▶ **Exercise objective**
Word for word, set down the records and skip each picture.

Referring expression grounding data
▼

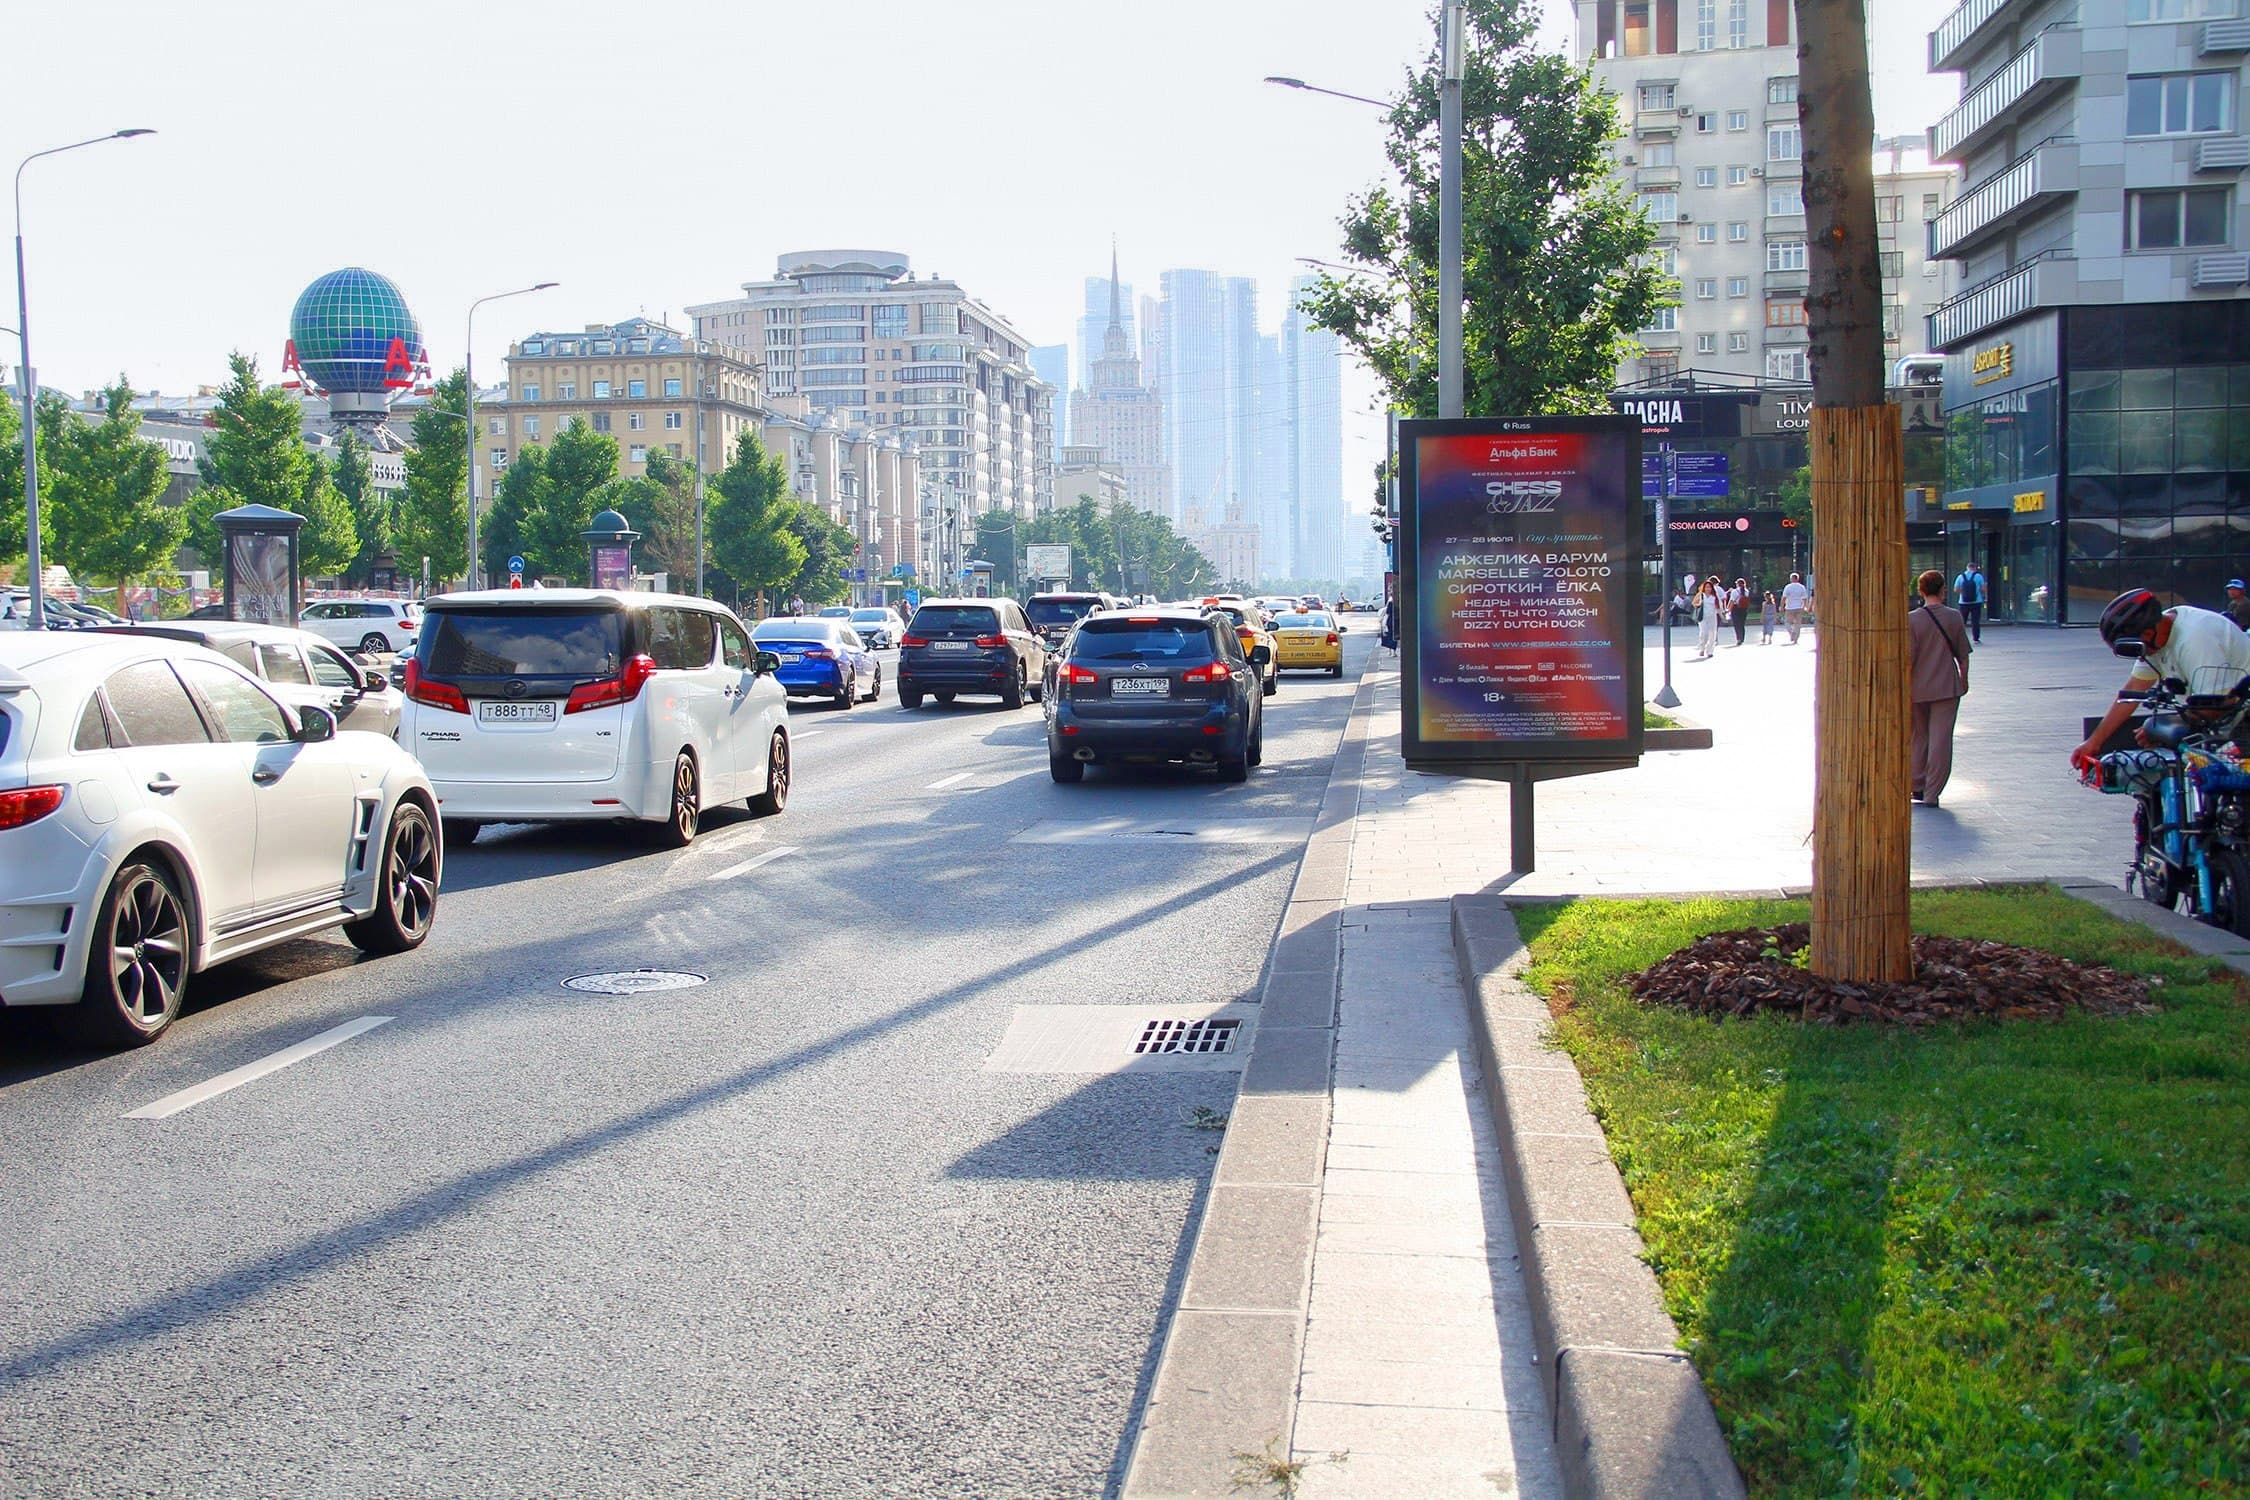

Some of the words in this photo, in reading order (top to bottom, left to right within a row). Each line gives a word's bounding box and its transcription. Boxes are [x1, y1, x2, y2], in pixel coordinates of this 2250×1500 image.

[1511, 422, 1531, 430] Russ
[1490, 447, 1527, 460] Альфа
[1529, 446, 1558, 457] Банк
[1486, 480, 1562, 495] CHESS
[1697, 521, 1731, 530] GARDEN
[1441, 554, 1542, 566] АНЖЕЛИКА
[1545, 553, 1608, 564] ВАРУМ
[1438, 568, 1530, 580] MARSELLE
[1542, 567, 1612, 578] ZOLOTO
[1448, 583, 1543, 594] СИРОТКИН
[1556, 580, 1602, 592] ЁЛКА
[1464, 599, 1511, 608] НЕДРЫ
[1520, 598, 1585, 606] МИНАЕВА
[1521, 609, 1548, 617] ЧТО
[1557, 608, 1598, 617] AMCHI
[1464, 621, 1500, 629] DIZZY
[1503, 621, 1548, 629] DUTCH
[1551, 620, 1585, 628] DUCK
[1576, 674, 1621, 683] Путешествия
[1482, 692, 1506, 703] 18+

▲

▶ **Response area**
Some of the words in this photo, in reading order (top to bottom, left to right within a row). Each line gives a word's bounding box and its transcription. Boxes are [x1, y1, x2, y2], in pixel coordinates of this 2250×1500 image.

[1511, 422, 1531, 430] Russ
[1490, 447, 1527, 460] Альфа
[1529, 446, 1558, 457] Банк
[1486, 480, 1562, 495] CHESS
[1697, 521, 1731, 530] GARDEN
[1441, 554, 1542, 566] АНЖЕЛИКА
[1545, 553, 1608, 564] ВАРУМ
[1438, 568, 1530, 580] MARSELLE
[1542, 567, 1612, 578] ZOLOTO
[1448, 583, 1543, 594] СИРОТКИН
[1556, 580, 1602, 592] ЁЛКА
[1464, 599, 1511, 608] НЕДРЫ
[1520, 598, 1585, 606] МИНАЕВА
[1521, 609, 1548, 617] ЧТО
[1557, 608, 1598, 617] AMCHI
[1464, 621, 1500, 629] DIZZY
[1503, 621, 1548, 629] DUTCH
[1551, 620, 1585, 628] DUCK
[1576, 674, 1621, 683] Путешествия
[1482, 692, 1506, 703] 18+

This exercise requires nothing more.